→ What to produce
Excluding pictures, give the entries again exactly as they appear.

→ Exercise inputs
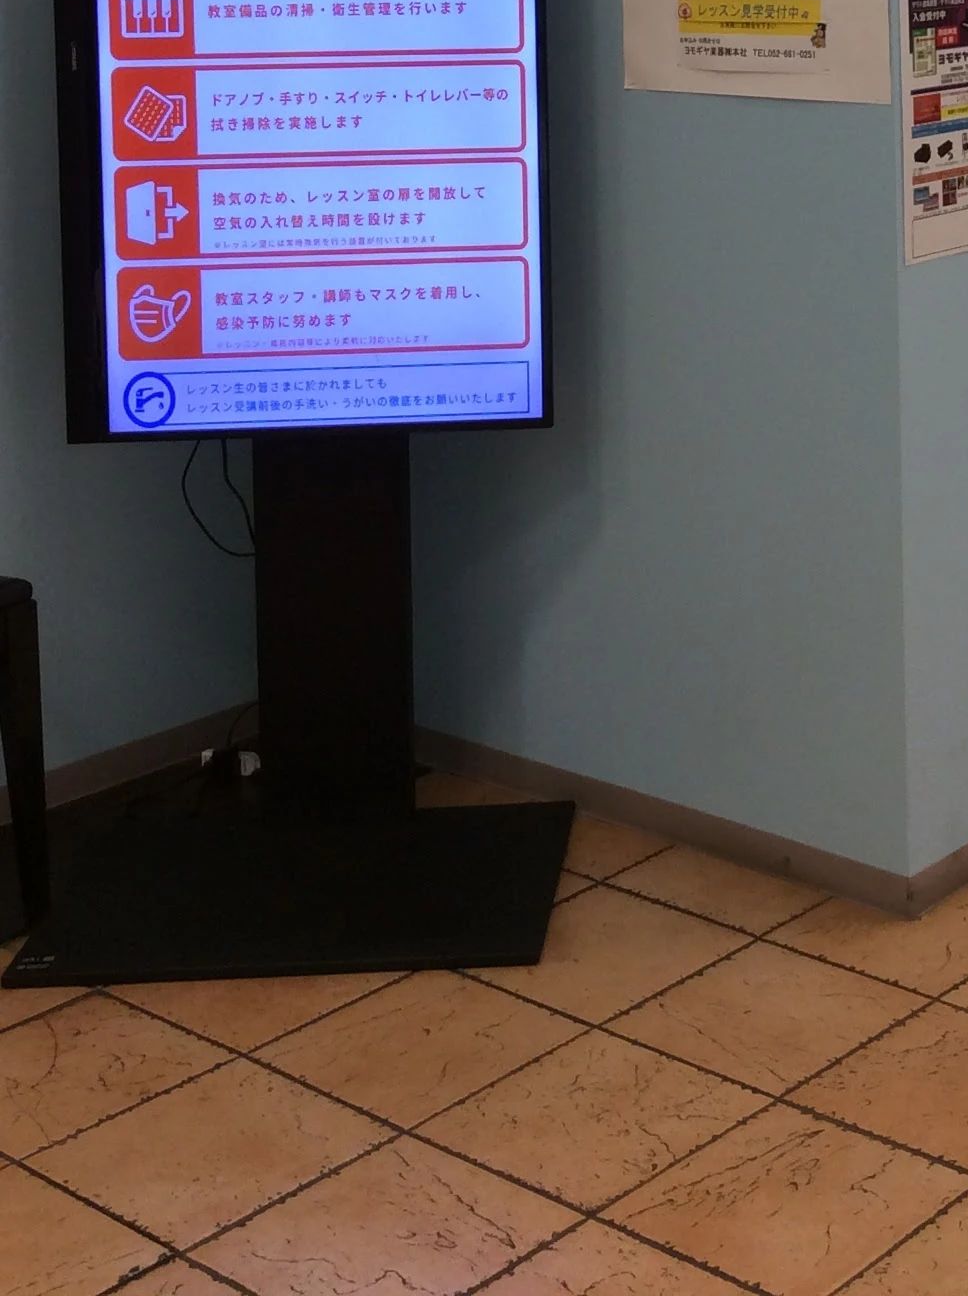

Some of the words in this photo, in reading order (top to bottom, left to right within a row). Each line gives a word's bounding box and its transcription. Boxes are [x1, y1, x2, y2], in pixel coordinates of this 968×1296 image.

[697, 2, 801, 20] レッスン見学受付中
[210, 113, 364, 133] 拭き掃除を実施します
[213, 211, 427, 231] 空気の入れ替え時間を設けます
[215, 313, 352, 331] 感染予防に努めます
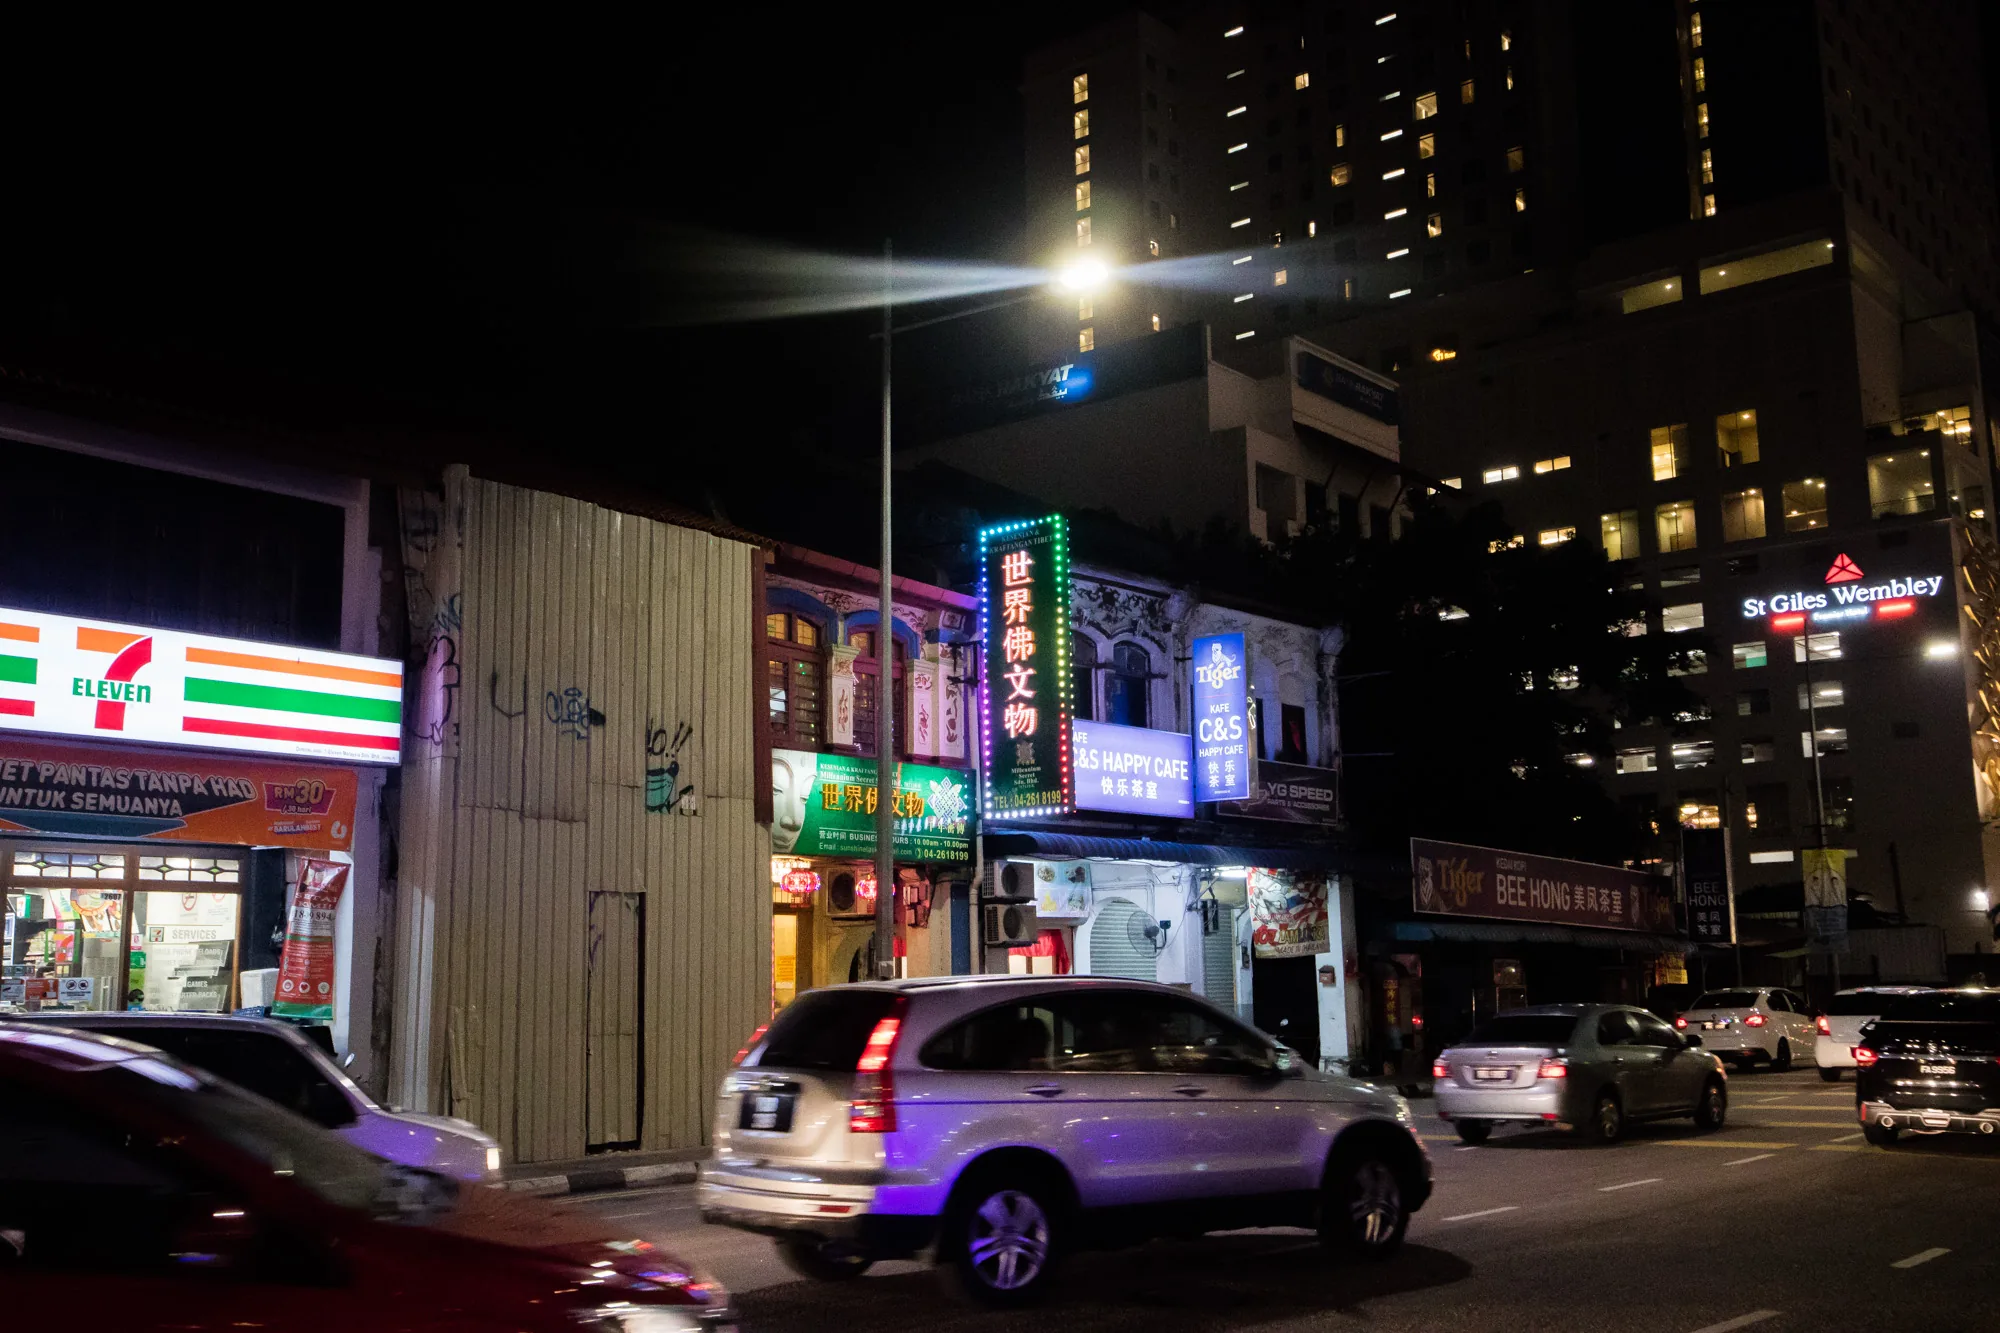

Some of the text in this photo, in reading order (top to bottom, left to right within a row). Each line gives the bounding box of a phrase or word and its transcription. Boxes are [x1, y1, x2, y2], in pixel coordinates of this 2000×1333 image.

→ Result of this task
Some of the words in this photo, in reading order (top to bottom, left to right within a row). Each line gives a word's bounding box and its transcription. Boxes are [x1, y1, x2, y2], in pixel coordinates of this 968×1296 image.

[697, 2, 801, 20] レッスン見学受付中
[210, 113, 364, 133] 拭き掃除を実施します
[213, 211, 427, 231] 空気の入れ替え時間を設けます
[215, 313, 352, 331] 感染予防に努めます

Some of the text in this photo, in reading order (top to bottom, left to right within a row). Each line gives the bounding box of a phrase or word and its transcription. Boxes are [x1, y1, x2, y2], in pixel coordinates of this 2000×1333 image.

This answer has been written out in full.